This reflection will be brief and little different. I had two great experiences this week with the human side of the medical profession. Of course every shift we do a lot of reassurance than actual medical actions. But these two are particularly interesting.
Earlier this week, I met this 70 years old woman for a follow up of a chest CT scan ordered for a suspicious mass on the xray by an emergency doc the night before. Her main complains were fatigue and dizziness in the morning for a few months. Her family doctor could not diagnose her. She is a caregiver for her husband with a terminal cancer. My mission was to tell her: your CT scan is normal, how do you feel this morning? Before I said anything, I would describe her as a beautiful woman but with a very sad look on her face, like I was going to tell her, I finally found what is the reason your fatigue, you are dying too. I said the opposite. Suddenly, I saw her magical smile and she told me this: I know you are much younger than me, and we do not know each other, but I could really use a big hug! And I hold her in my arms like she was my dear grandmother, she said thank you, I respond THANK YOU, and she left.
I met the other patient in a geriatric outpatient clinic. This was upon the request of a closed friend of the geriatrician. Her father was diagnosed with dementia, his family doctor was overwhelmed, polymedication, and there were a matter of new investigation? I review the chart, saw the patient with his family, tested him cognitively, and then, met again with the geriatrician this time. Here is the situation. Five years ago, he was diagnosed with dementia, most likely Alzheimer, does not have a vascular history, few medications (every medication is indicated and does not worsened the dementia), his MOCA was 4/30, and even if he is not there (the lights are on, but nobody is there), he seems happy though more anxious than he used to be. He lives with her dear other half who is in good health and very committed to his care. What else as a doctor could we do? He is too far gone to try any dementia medication, the diagnosis is pretty clear, investigation is not very relevant. Anyhow, the final meeting with the patient, his family, the geriatrician and me lasted an hour and a half. What could we possibly tell the family? In fact, a LOT. We talked about his prognosis (he will continue to decline to a point that he will not be able to do anything by himself), we talked about her caregiver’s health (she has to have more help in the house, some breaks to do things that she loves, other things, she needs to plan her long term care particularly with the long waiting list in her region, she should meet other caregivers to exchange tips, thoughts or just to talk about it with persons that can actually understand her, etc). We talked about his medication, keep going with the same thing, we are not going to change anything, let us know if you notice any other problem.

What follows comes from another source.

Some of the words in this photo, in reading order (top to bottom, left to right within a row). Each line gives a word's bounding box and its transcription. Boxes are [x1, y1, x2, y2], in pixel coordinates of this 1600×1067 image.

We talked about his driver license, power of attorney, and finances. We talked about falls prevention although he is a pretty robust guy. We talked about exercise. We answered any questions they had. At the end, the family was so pleased by this meeting (even if we did not do anything medically). I can not recall how many “thank you” they said to us. They left satisfied.
Sometimes, being a doctor is more than knowing everything in the books. It implies to be a human being with compassion and a sense of listening. When I graduated from medical school, the Université of Sherbrooke gave us a book of Sir William Osler. I remember to have actually read it. I do not have it with me but his main battle as a medical teacher was to get students out of there books and amphitheater and teach them at the bedside of patient. He was absolutely right, and these two cases are a proof of that.

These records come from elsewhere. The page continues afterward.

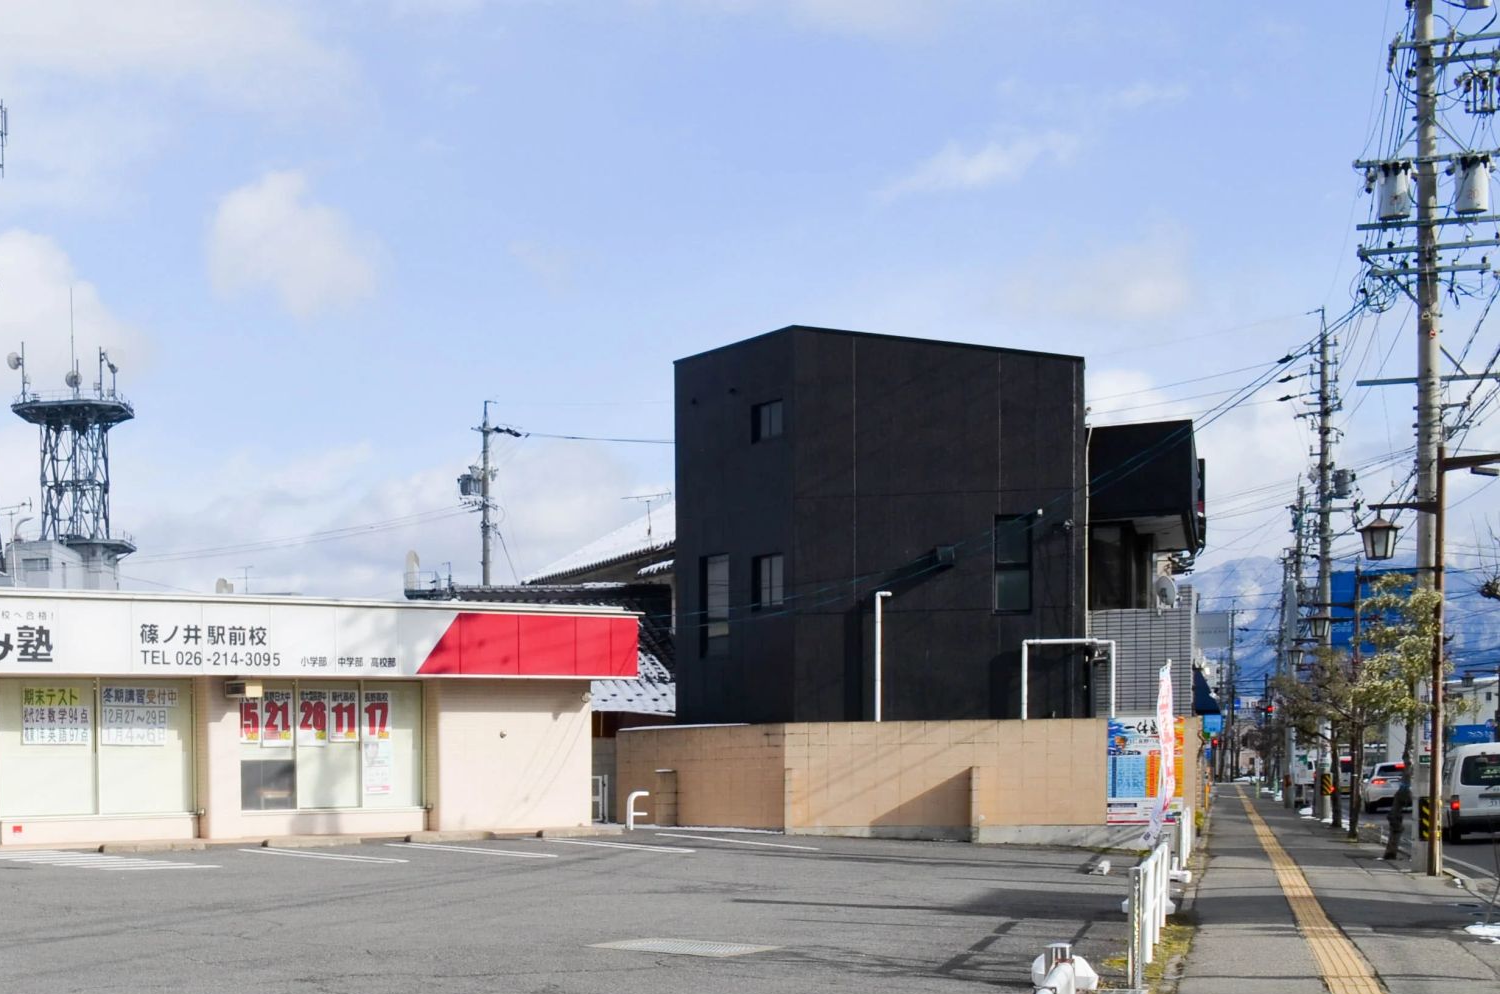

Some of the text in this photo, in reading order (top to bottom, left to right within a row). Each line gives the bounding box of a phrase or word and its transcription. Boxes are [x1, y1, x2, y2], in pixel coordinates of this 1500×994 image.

[140, 624, 267, 646] 篠ノ井駅前校
[140, 650, 171, 665] TEL
[338, 656, 364, 667] 中学部
[371, 657, 397, 668] 高校部
[24, 688, 78, 706] 期末テスト
[103, 688, 178, 706] 冬期講習受付中
[264, 701, 291, 732] 21
[300, 701, 327, 731] 26
[332, 702, 356, 733] 11
[364, 703, 389, 736] 17

As an emergency doctor, we have little time with patients. Spending one hour and a half with a patient, he has to be very unstable!! But very small things can improve patients satisfaction and trust in us. First, a strong hand shakes at the beginning and the end. They appreciate it a lot. It is like we engage ourself to them “I am with you in this”. Another trick I discovered with time (I know I am still young!) is at the first visit, giving them a time frame and engage them in our plan.
Here is a concrete example:
“I understand you are having abdominal pain right at the spot for appendicitis that I am worried about. If you are ok with this, we will do some blood work, do an ultrasound but in the mean time do not eat or drink anything in case you have to go to the operating room which is the treatment of appendicitis. I will come back as soon as I get the results for both tests in about 2-3 hours. Is that a good plan for you?”

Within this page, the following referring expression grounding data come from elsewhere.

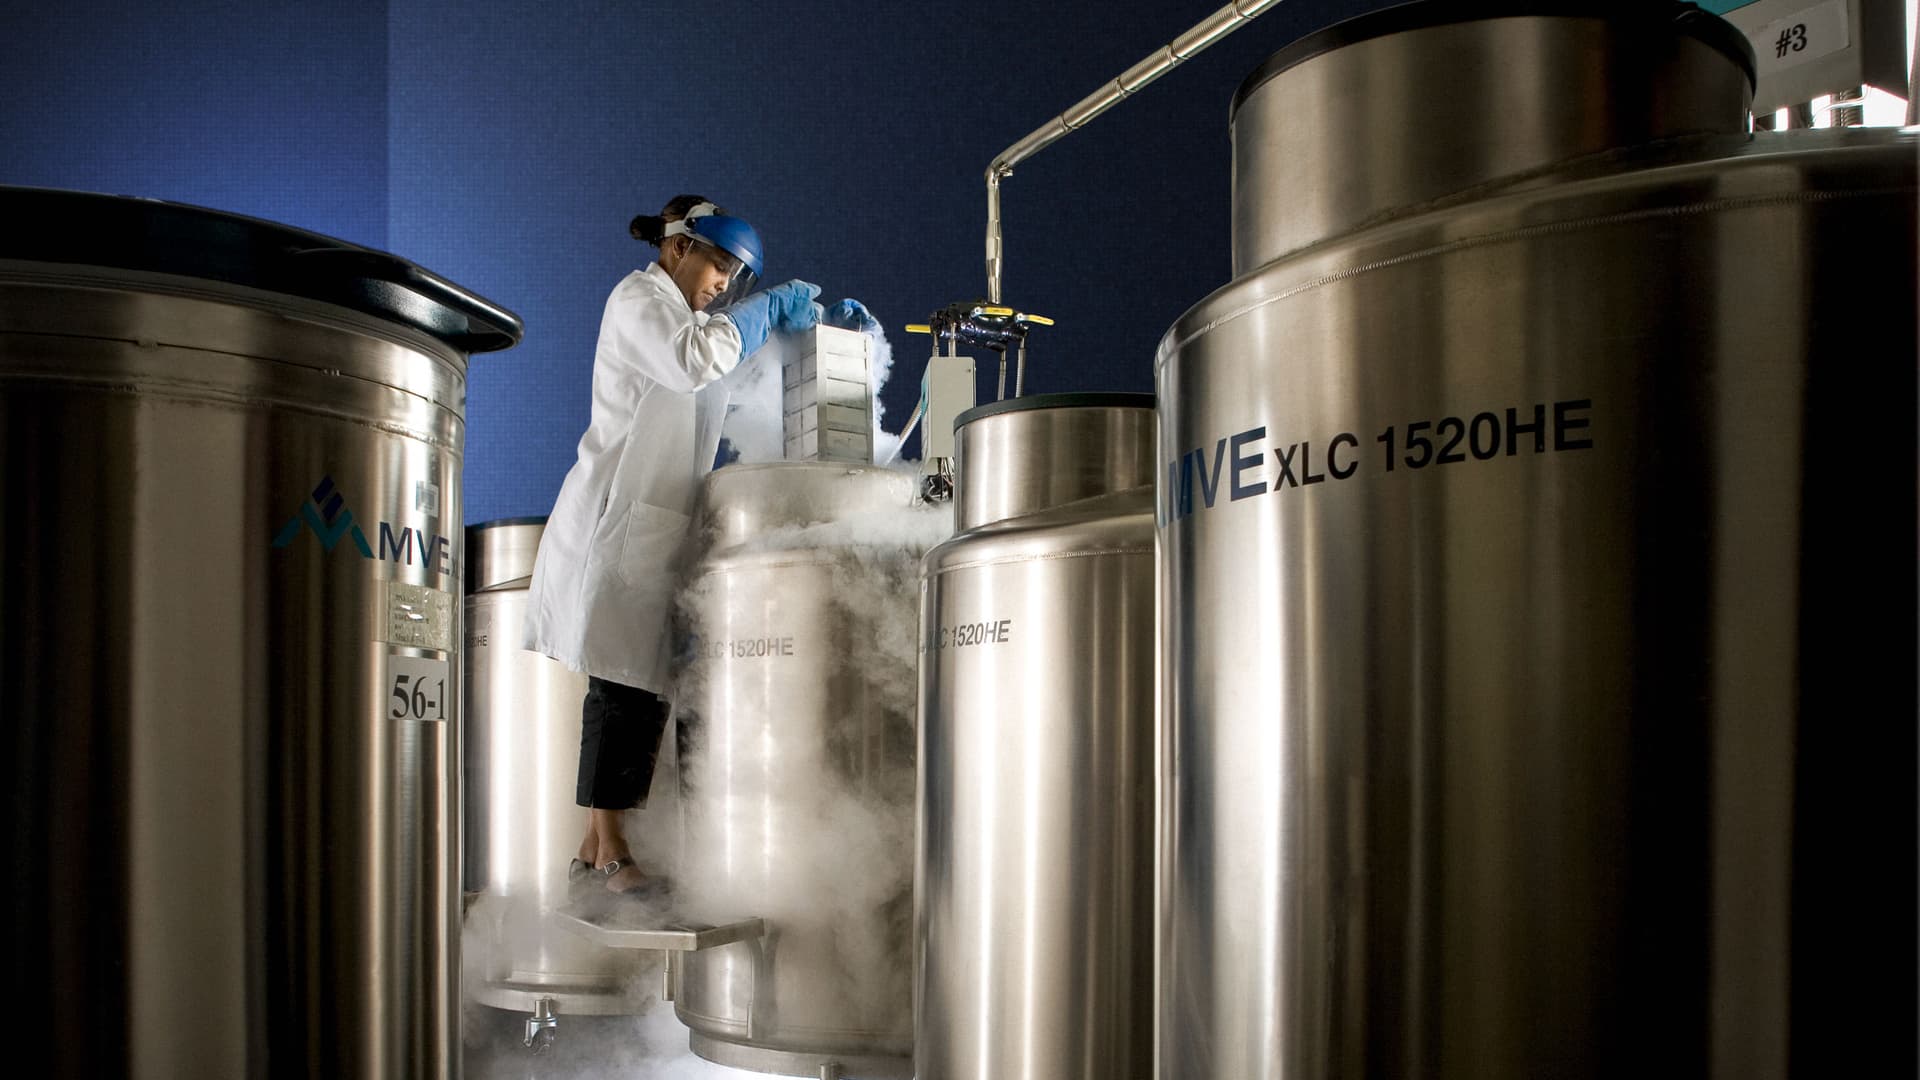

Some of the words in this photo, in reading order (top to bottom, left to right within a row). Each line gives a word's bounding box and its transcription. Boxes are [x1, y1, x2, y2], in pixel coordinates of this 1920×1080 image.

[1775, 23, 1808, 59] #3
[1168, 426, 1268, 523] MVE
[1273, 432, 1359, 493] XLC
[1376, 399, 1594, 473] 1520HE
[378, 521, 450, 576] MVE
[729, 637, 794, 658] 1520HE
[951, 619, 1012, 648] 1520HE
[391, 674, 447, 720] 56-1

With that, they feel like they have their say in this and they know that they will be there for a long time so they will be patient and not surprised.
Finally (I know they are tons of other things that we can do, but those are my favorites!), patients come to the ER not for appendicitis or fracture. They come because of a symptom: mostly pain. Make sure that you give them something for the pain at your first visit. This way, when you do not find anything to explain their pain, they have less pain and they still feel satisfied. I always start with “I have very good news for you” your test is negative. This way, the “I didn’t find anything visit” starts positively.
Oh, and I have another special favourite thing to do: shared decision-making. I will make a reflection all about it someday. There are a lot of evidences around this.
In conclusion, everyone can be a good doctor. The hardest part is to be a GREAT doctor! This is not written in books. I hope I will be this great doctor someday!